Jerome Woods (born March 5, 1970, in Benton Harbor, Michigan), better known by his stage name Rome, is an American R&B singer. He is best known for his 1997 single "I Belong to You (Every Time I See Your Face)", which peaked within the top ten of the Billboard Hot 100. The song led his eponymous debut studio album (1997), which moderately entered the Billboard 200.

==Career==
Woods performed in a cover band called Fire & Ice in high school, and toured regionally both as a solo artist and with the band. He briefly attended Oakwood University before dropping out in 1989; he moved to California in hopes of making a career as a singer. He toured with Vesta but had little success until he met with Gerald Baillergeau and Victor Merrit, the producers who heard his demo and sent it to RCA Records.
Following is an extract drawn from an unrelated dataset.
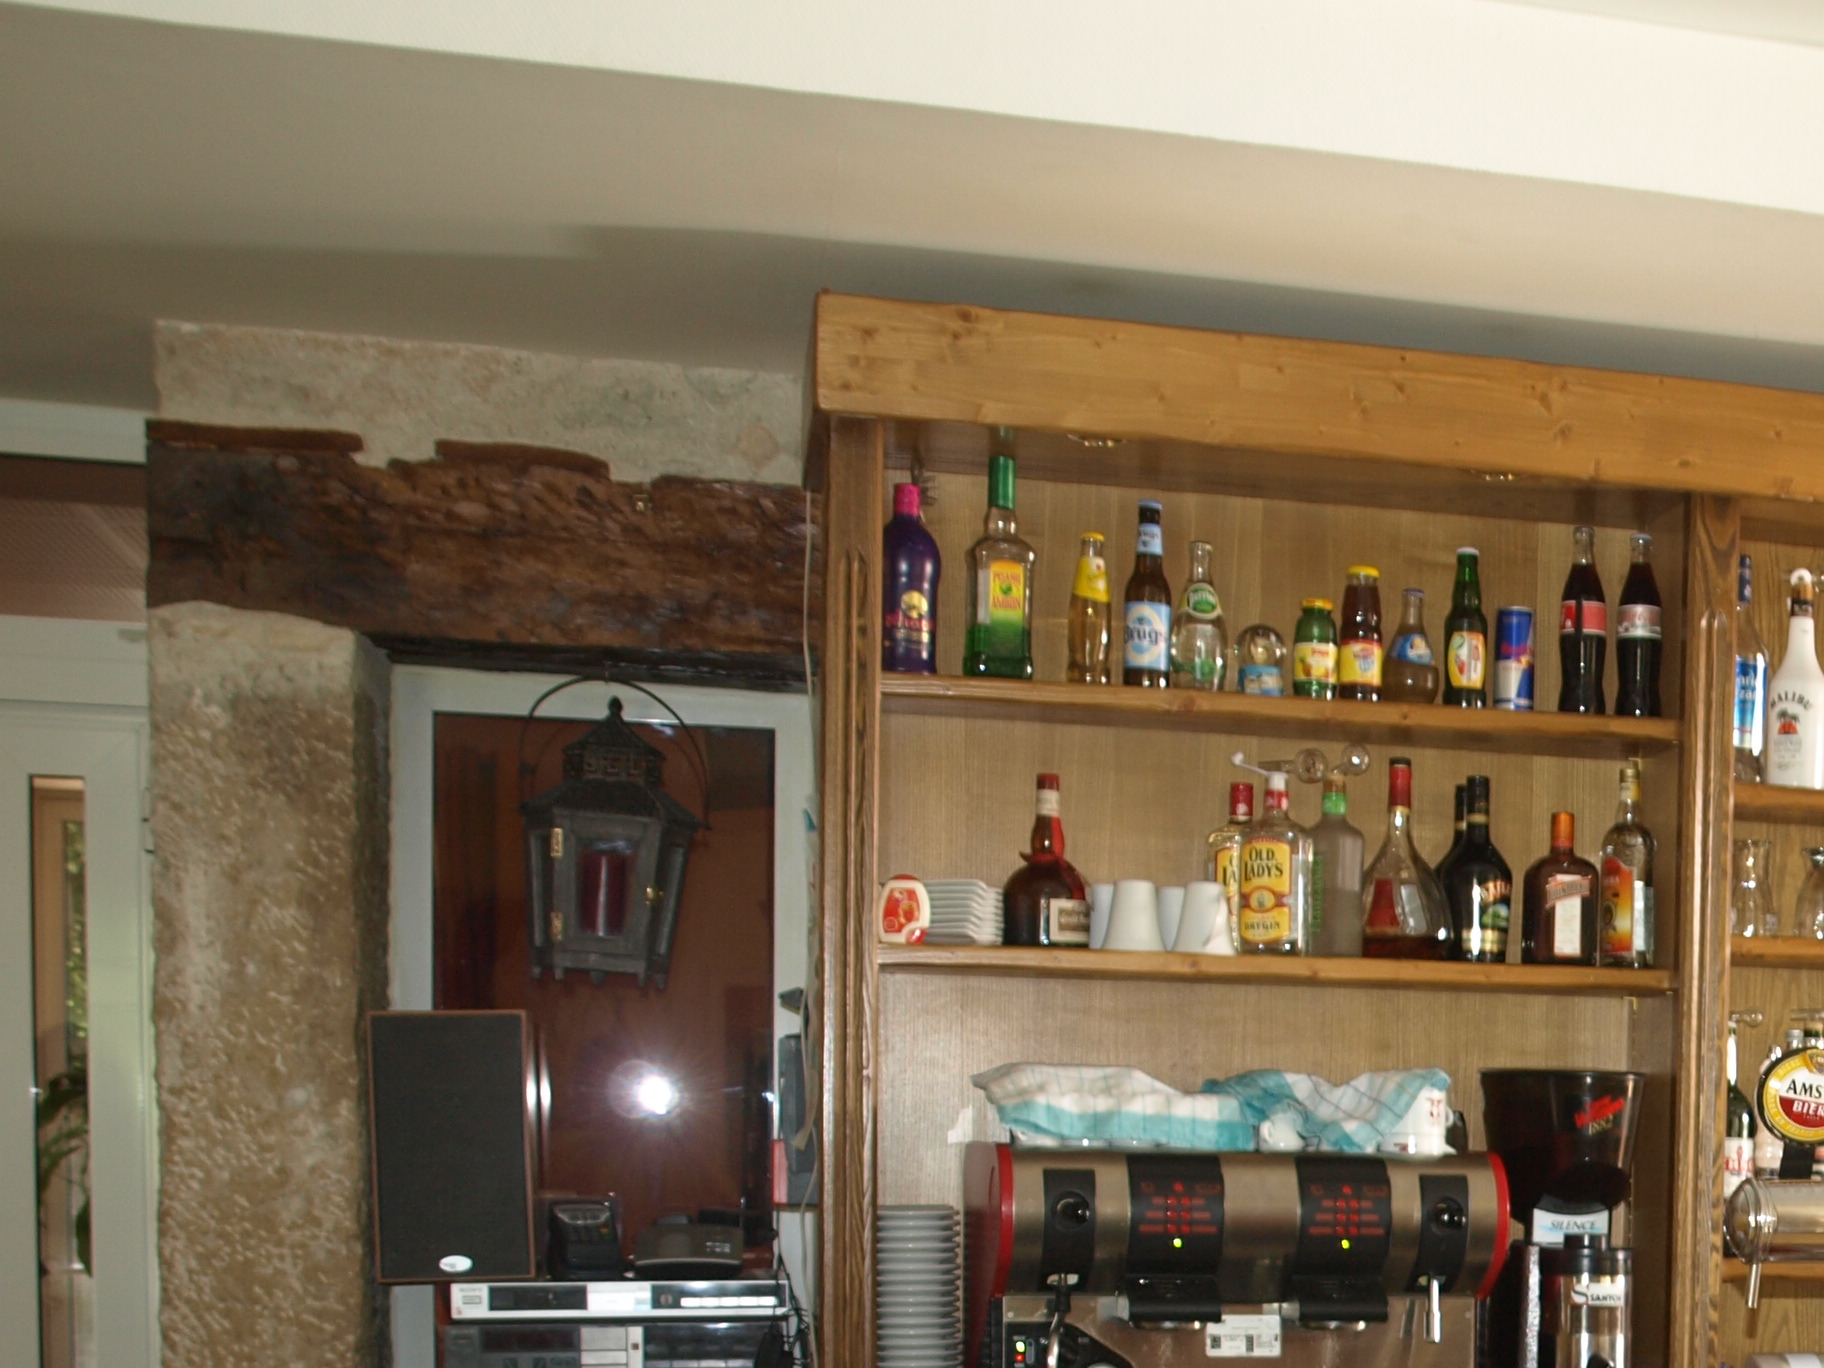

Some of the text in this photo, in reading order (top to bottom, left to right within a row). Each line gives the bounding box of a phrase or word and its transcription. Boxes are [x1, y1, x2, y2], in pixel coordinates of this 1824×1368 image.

RCA signed him and released his eponymous debut album in 1997, which went on to sell over half a million copies in the U.S., mainly on the strength of its lead single "I Belong to You (Every Time I See Your Face)", which peaked at number six on the Billboard Hot 100. The follow-up single, "Do You Like This", peaked at number 31 on the Billboard Hot 100 and number 10 on the Hot R&B/Hip-Hop Songs chart, where "I Belong to You" had previously reached number two.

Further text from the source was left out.